▸ RECORD SET
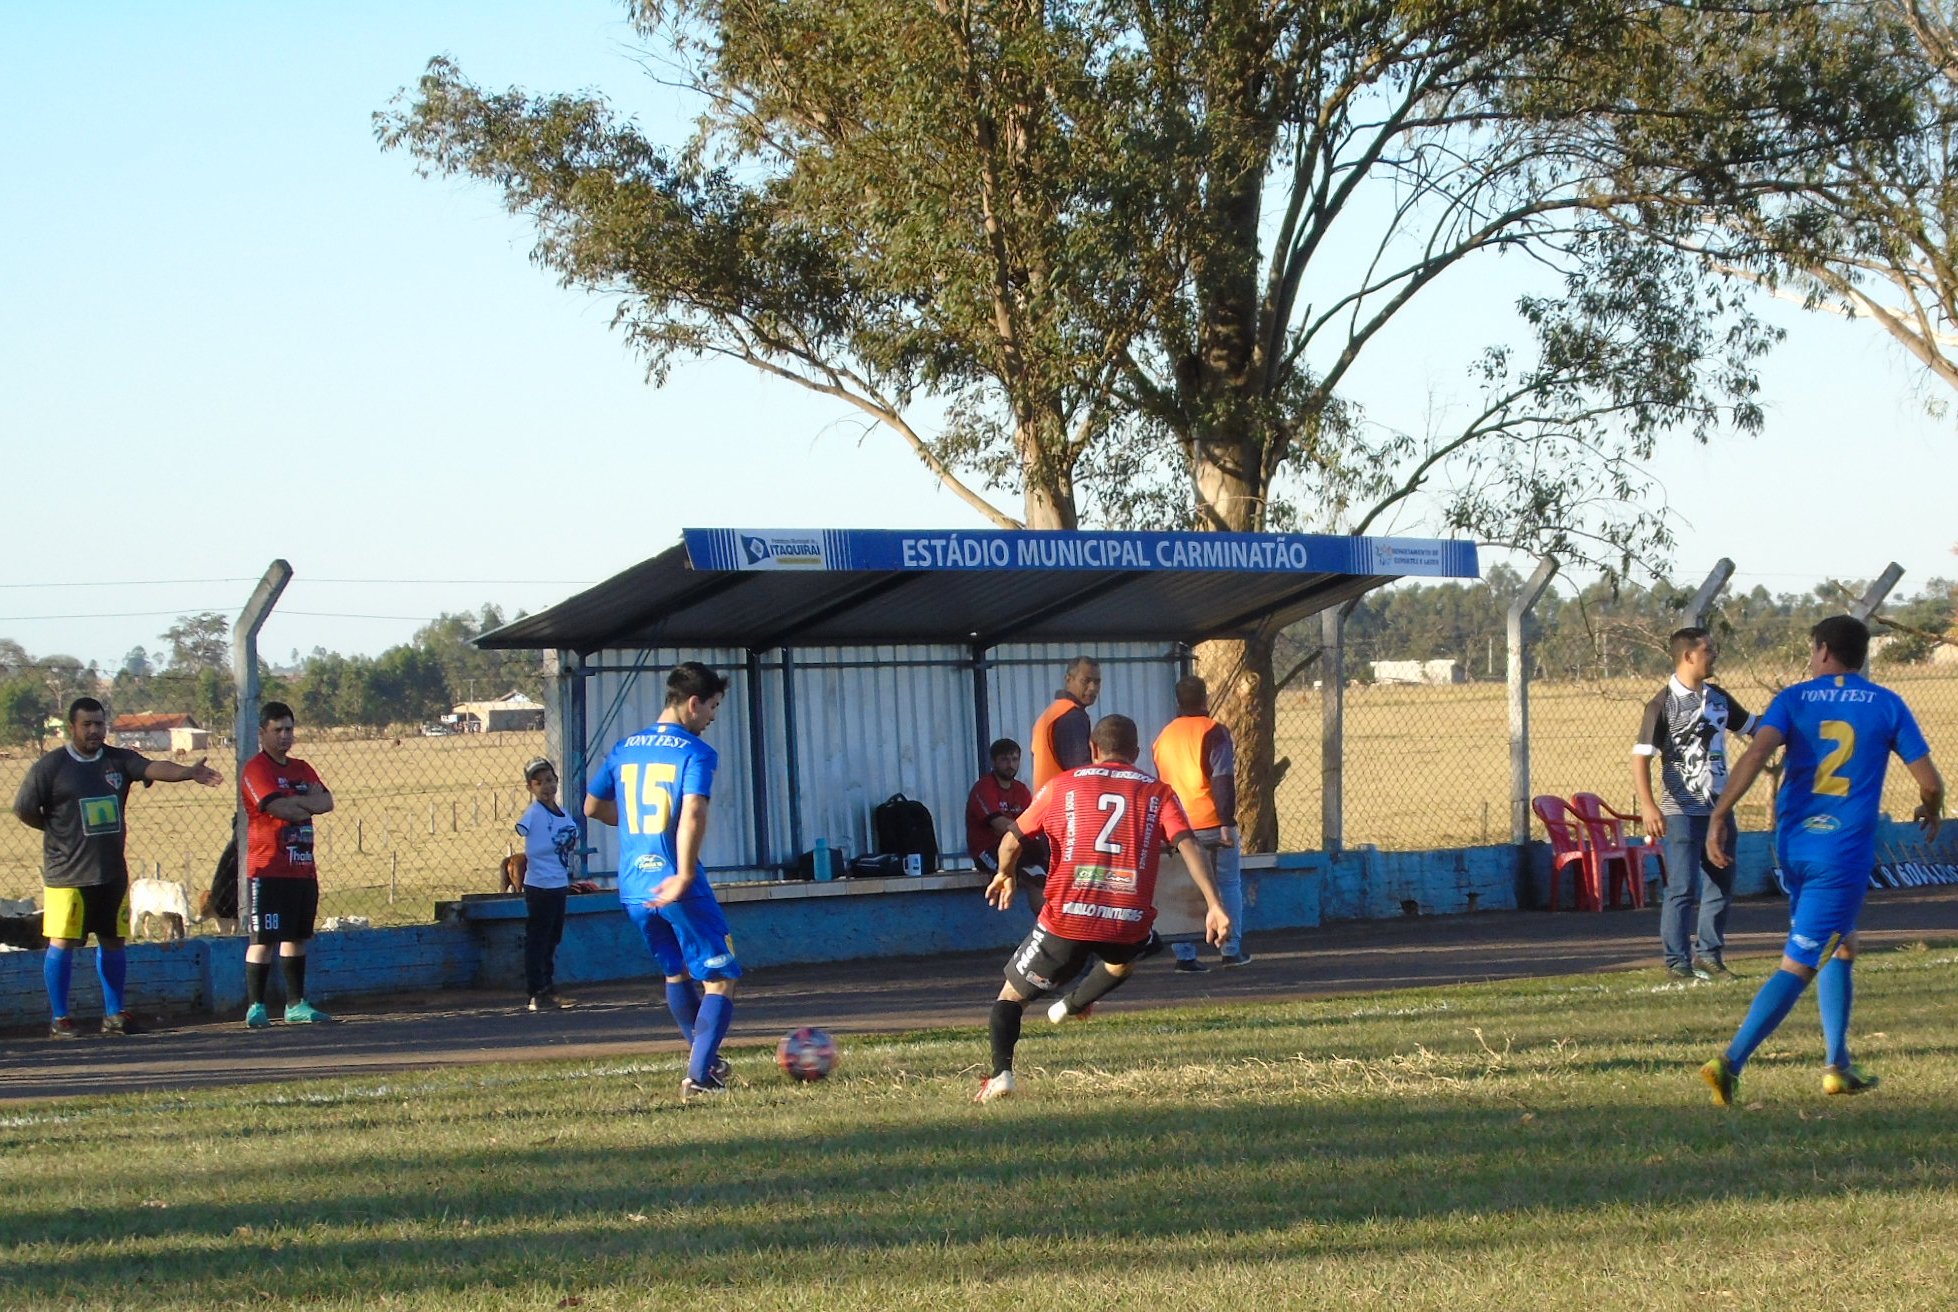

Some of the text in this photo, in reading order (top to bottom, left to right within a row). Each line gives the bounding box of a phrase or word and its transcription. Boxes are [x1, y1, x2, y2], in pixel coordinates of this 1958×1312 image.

[902, 533, 1307, 569] ESTÁDIO MUNICIPAL CARMINATÃO
[1801, 688, 1876, 703] TONY FEST
[624, 734, 691, 749] TONY FEST
[1811, 720, 1856, 797] 2
[620, 763, 676, 835] 15
[1094, 792, 1127, 854] 2
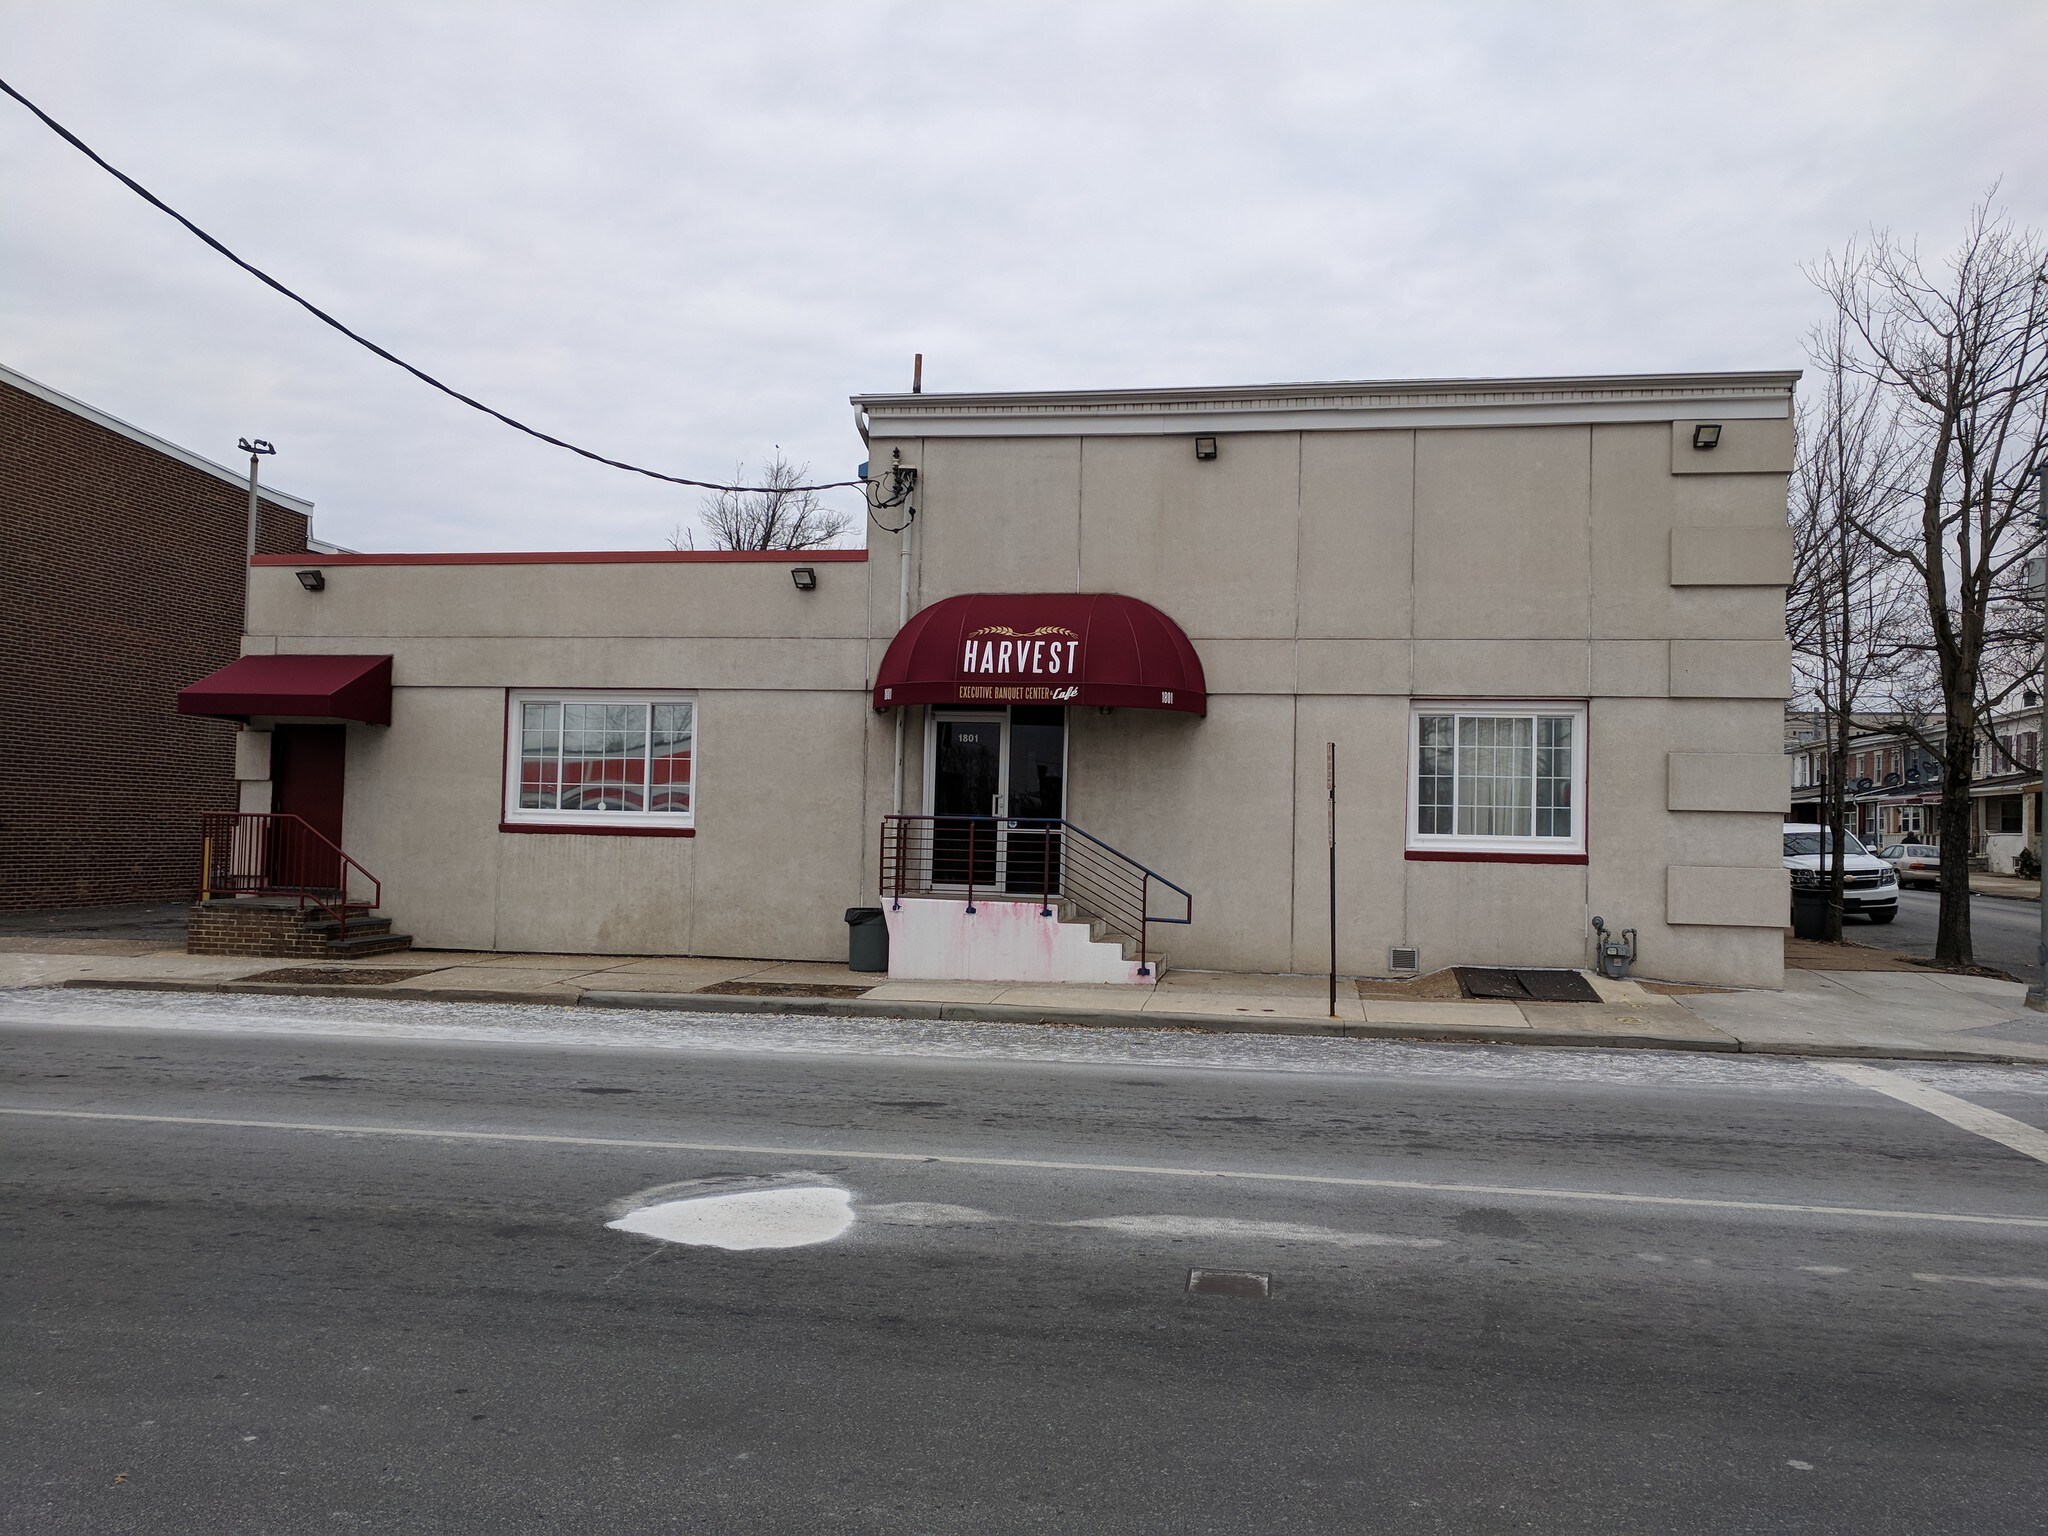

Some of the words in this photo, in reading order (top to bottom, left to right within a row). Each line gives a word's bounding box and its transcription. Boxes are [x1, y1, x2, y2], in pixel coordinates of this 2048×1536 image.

[963, 640, 1079, 674] HARVEST
[959, 686, 993, 699] EXECUTIVE
[994, 687, 1024, 700] BANQUET
[1025, 687, 1050, 700] CENTER
[1052, 686, 1079, 700] Café
[1161, 691, 1174, 704] 1801
[958, 733, 979, 743] 1801
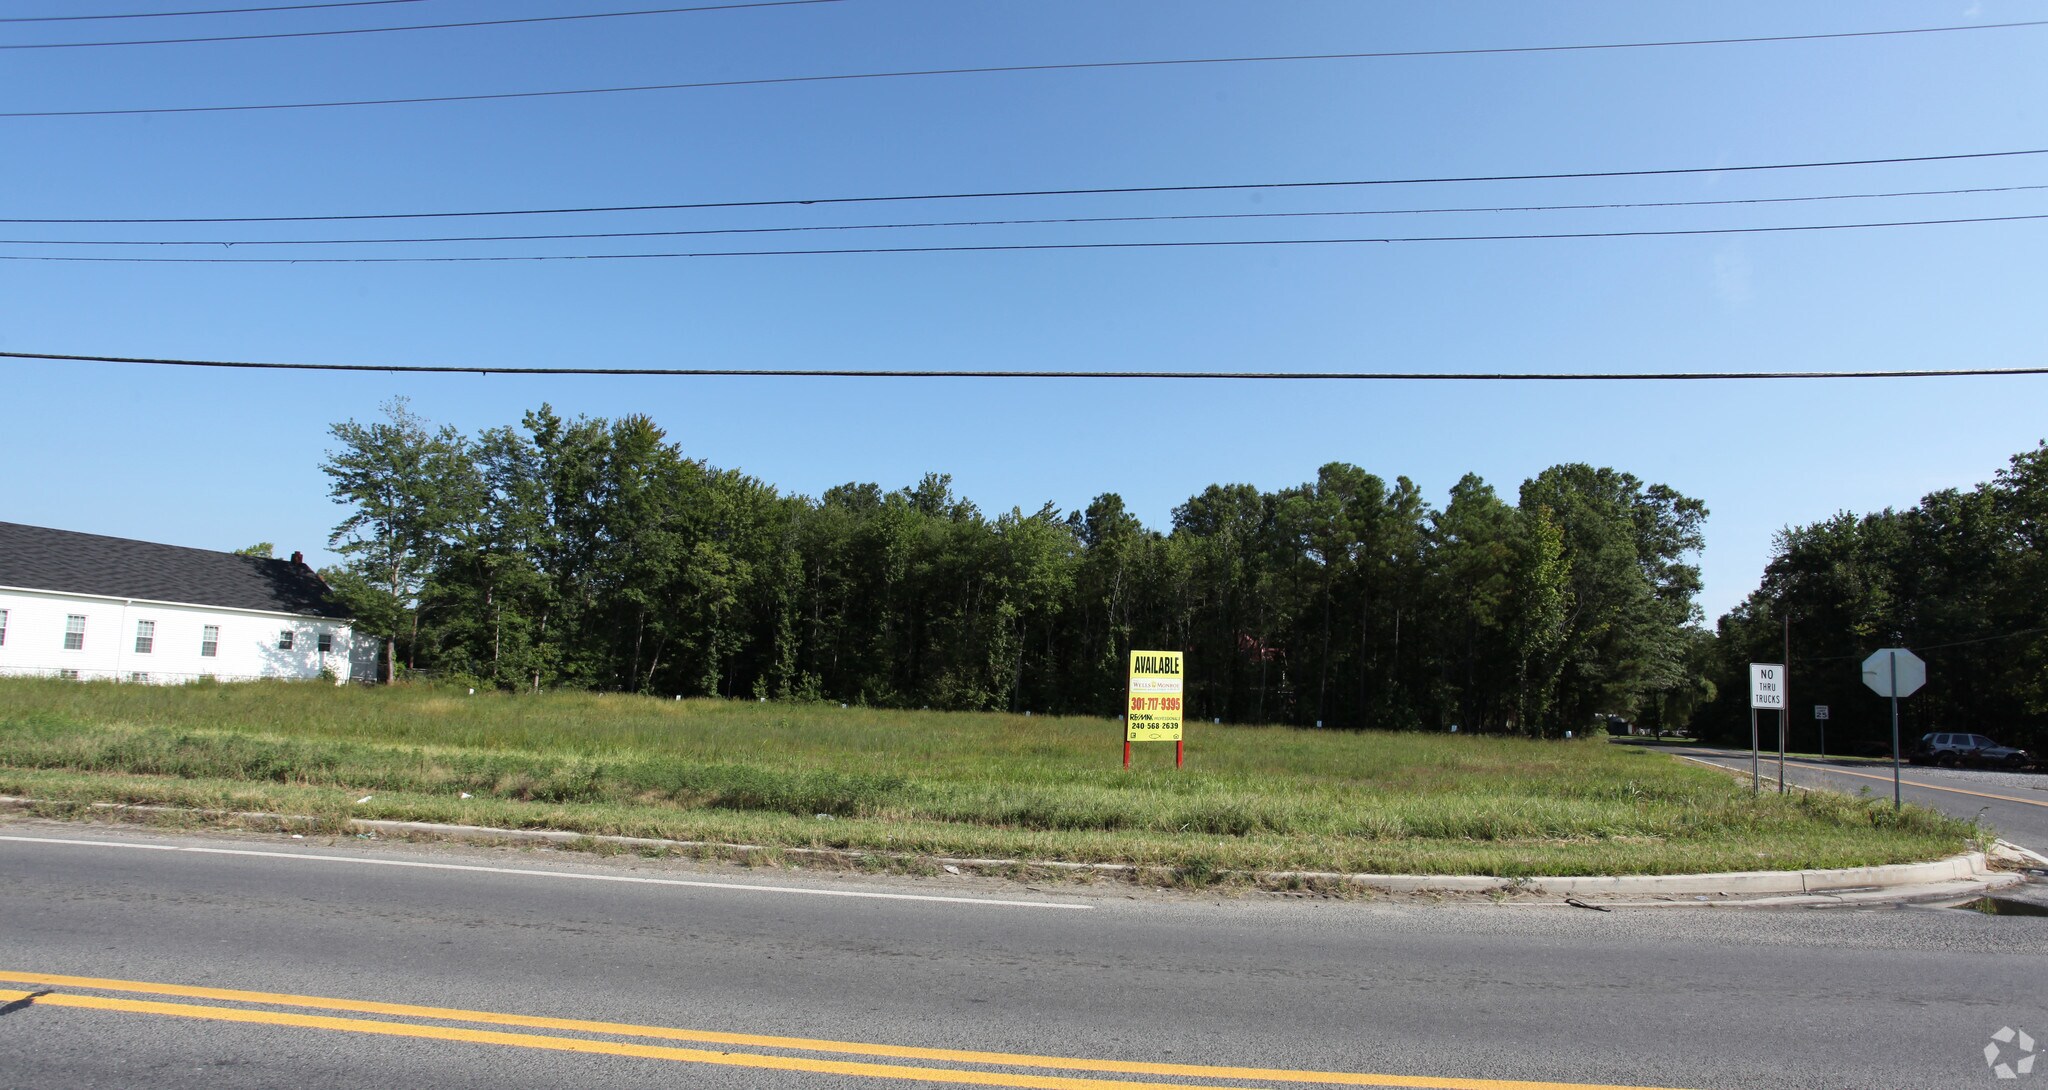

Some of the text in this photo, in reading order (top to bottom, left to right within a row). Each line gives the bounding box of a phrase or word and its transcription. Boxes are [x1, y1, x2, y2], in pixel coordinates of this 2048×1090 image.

▸ ABOUT THIS EXERCISE
Without copying any images, transcribe the records exactly as they stand.

▸ RESPONSE
Some of the text in this photo, in reading order (top to bottom, left to right within a row). Each line gives the bounding box of a phrase or word and its transcription. Boxes are [x1, y1, x2, y2], in pixel coordinates of this 1958×1312 image.

[902, 533, 1307, 569] ESTÁDIO MUNICIPAL CARMINATÃO
[1801, 688, 1876, 703] TONY FEST
[624, 734, 691, 749] TONY FEST
[1811, 720, 1856, 797] 2
[620, 763, 676, 835] 15
[1094, 792, 1127, 854] 2

Some of the words in this photo, in reading order (top to bottom, left to right within a row). Each line gives a word's bounding box and its transcription. Boxes are [x1, y1, x2, y2], in pixel coordinates of this 2048×1536 image.

[963, 640, 1079, 674] HARVEST
[959, 686, 993, 699] EXECUTIVE
[994, 687, 1024, 700] BANQUET
[1025, 687, 1050, 700] CENTER
[1052, 686, 1079, 700] Café
[1161, 691, 1174, 704] 1801
[958, 733, 979, 743] 1801

Some of the text in this photo, in reading order (top to bottom, left to right within a row). Each line gives the bounding box of a phrase or word and its transcription. Boxes are [x1, y1, x2, y2], in pixel coordinates of this 2048×1090 image.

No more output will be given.